No comparecimento inicial desse
quadro é possível verificar clinicamente que o bebê ou pequena criança
realiza uma exclusão ativa dos outros de seu circuito de satisfação,
mesmo daquelas pessoas mais implicadas em seus cuidados. Essa exclusão
ativa costuma ser precedida por uma baixa responsividade aos outros (o
que indica dificuldades precoces na constituição do bebê, que não são
exclusivas desse quadro). Posteriormente, começam a comparecer
dificuldades na aquisição da linguagem e na produção simbólica, tais
como brincar de faz de conta e participar dos hábitos da cultura. Em
lugar dessas produções e pela ausência das mesmas surgem estereotipias
que privilegiam uma autoestimulação sensorial.
A complexidade desse quadro exigiu
que as pesquisas e intervenções nesse campo não pudessem ser reduzidas a
uma única área do conhecimento, tornando necessária sua articulação.
Por isso a psicanálise não intervém nem avança no conhecimento sobre o
autismo de modo isolado e, portanto, a interdisciplinaridade é um dos
princípios que fazem parte da metodologia dos psicanalistas ao tratar de
pacientes com quadros de autismo.
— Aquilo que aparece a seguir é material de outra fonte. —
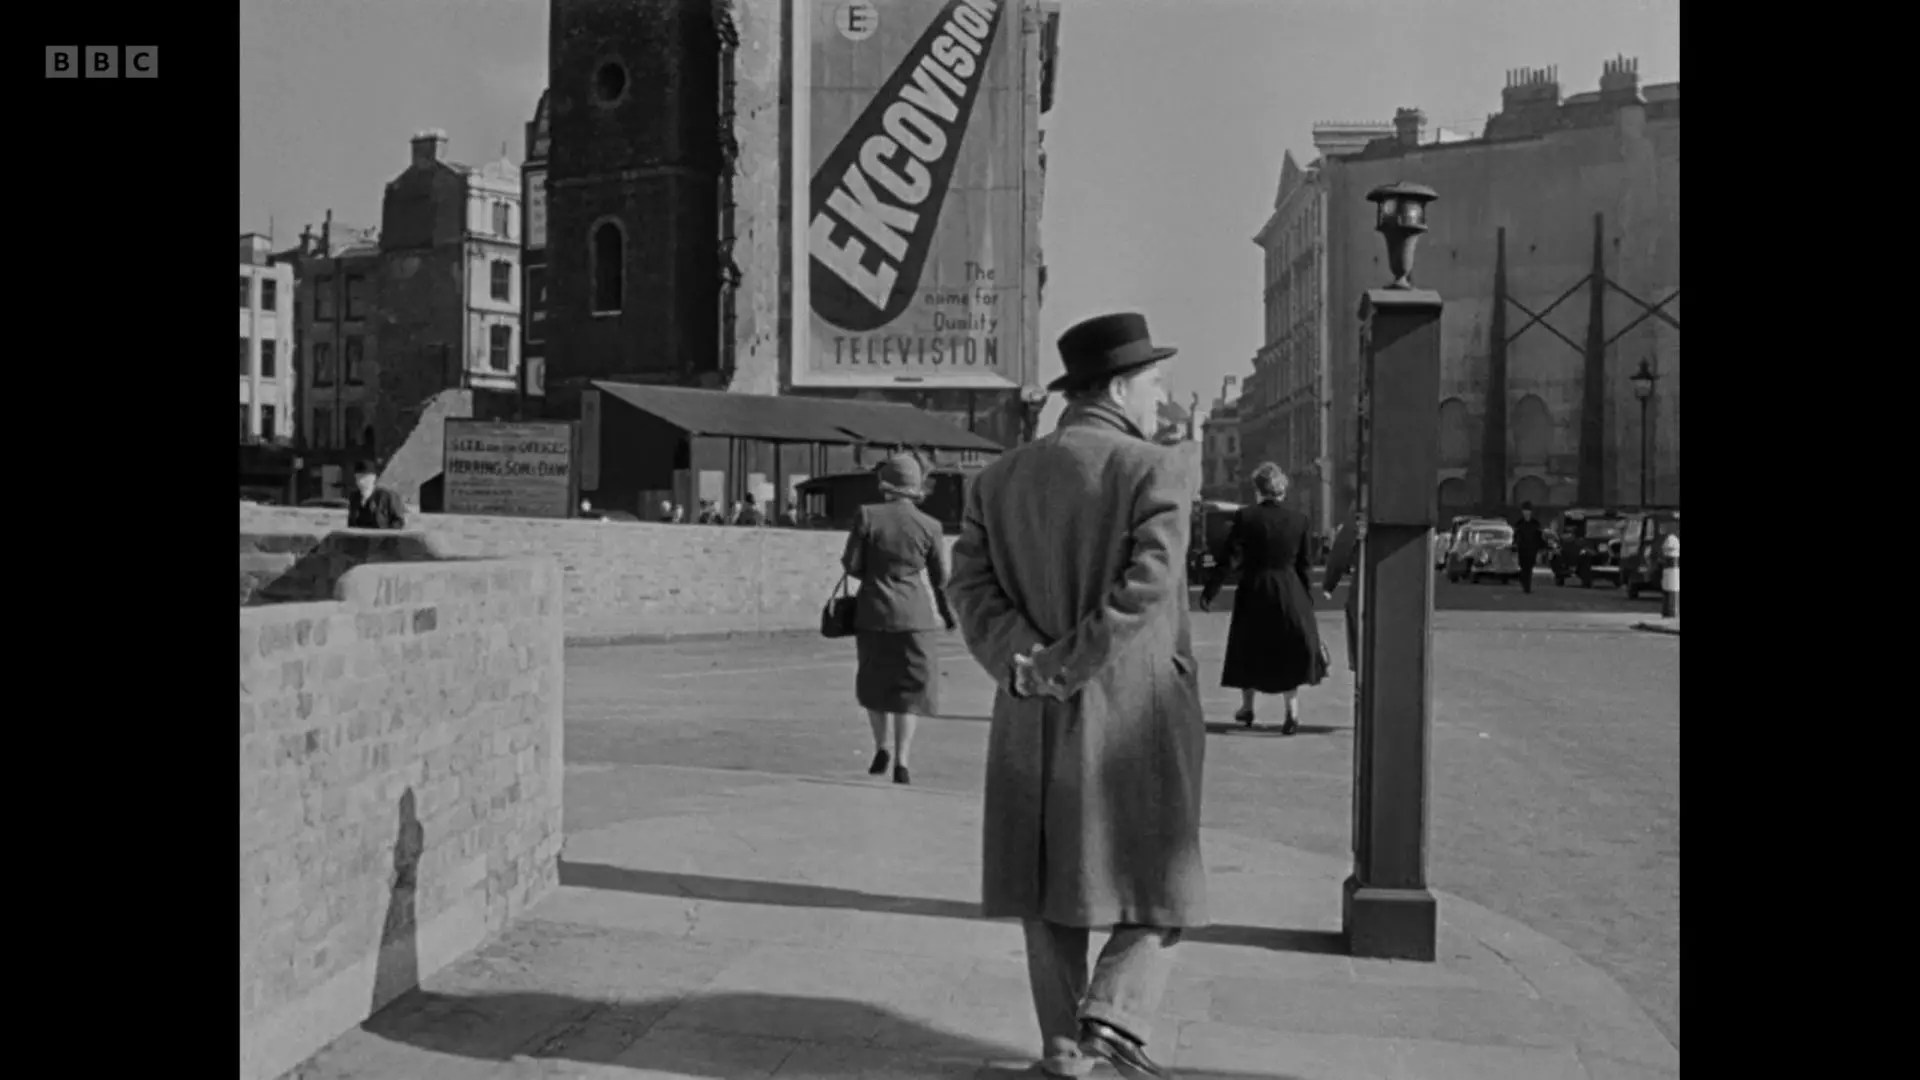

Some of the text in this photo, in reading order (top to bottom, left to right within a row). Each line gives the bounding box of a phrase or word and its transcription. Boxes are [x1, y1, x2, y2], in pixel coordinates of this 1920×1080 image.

[808, 0, 998, 311] EKCOVISION
[964, 261, 995, 282] The
[924, 287, 998, 306] name for
[933, 311, 998, 334] Quality
[834, 336, 998, 366] TELEVISION
Isto é necessário dado que, com
grande frequência, o autismo aparece associado a outros problemas que
tornam imprescindível uma intervenção conjunta.
Nas diversas pesquisas médicas
realizadas por geneticistas, neurologistas e psiquiatras encontram-se
correlações entre a incidência de autismo e algumas patologias
orgânicas, mas não uma única causa que possibilite centrar seu
diagnóstico em exames orgânicos ou seu tratamento em uma solução
medicamentosa.
Se desde o aspecto orgânico esse é o
atual estado das coisas, há consenso sobre o benefício produzido por
tratamentos que intervenham na relação da pessoa com autismo com os
outros, possibilitando que suas produções possam ocorrer em uma
circulação familiar, escolar, social e cultural.
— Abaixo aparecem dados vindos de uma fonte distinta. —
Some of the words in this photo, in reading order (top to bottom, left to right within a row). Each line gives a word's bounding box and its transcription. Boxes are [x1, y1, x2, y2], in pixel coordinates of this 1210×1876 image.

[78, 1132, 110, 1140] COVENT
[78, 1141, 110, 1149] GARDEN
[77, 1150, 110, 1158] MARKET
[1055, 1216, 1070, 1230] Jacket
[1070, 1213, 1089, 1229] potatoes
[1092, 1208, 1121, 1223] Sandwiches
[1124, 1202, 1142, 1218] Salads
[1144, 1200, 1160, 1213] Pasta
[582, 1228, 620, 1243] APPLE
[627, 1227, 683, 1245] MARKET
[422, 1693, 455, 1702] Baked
Nesse sentido, a psicanálise produz
sua contribuição ao intervir seguindo passo a passo o caminho que torna
possível a constituição psíquica, e assim também procede com pacientes
que nele tropeçam devido a patologias orgânicas.[2]
Dessa articulação do conhecimento
decorre que algumas das principais descobertas das neurociências e da
psicanálise sejam confluentes: a linguagem incide decisivamente em nossa
constituição, e a possibilidade de representar, na linguagem, o que nos
afeta no corpo, é o que nos tira de produções puramente reflexas e
automáticas, desde os primórdios da vida.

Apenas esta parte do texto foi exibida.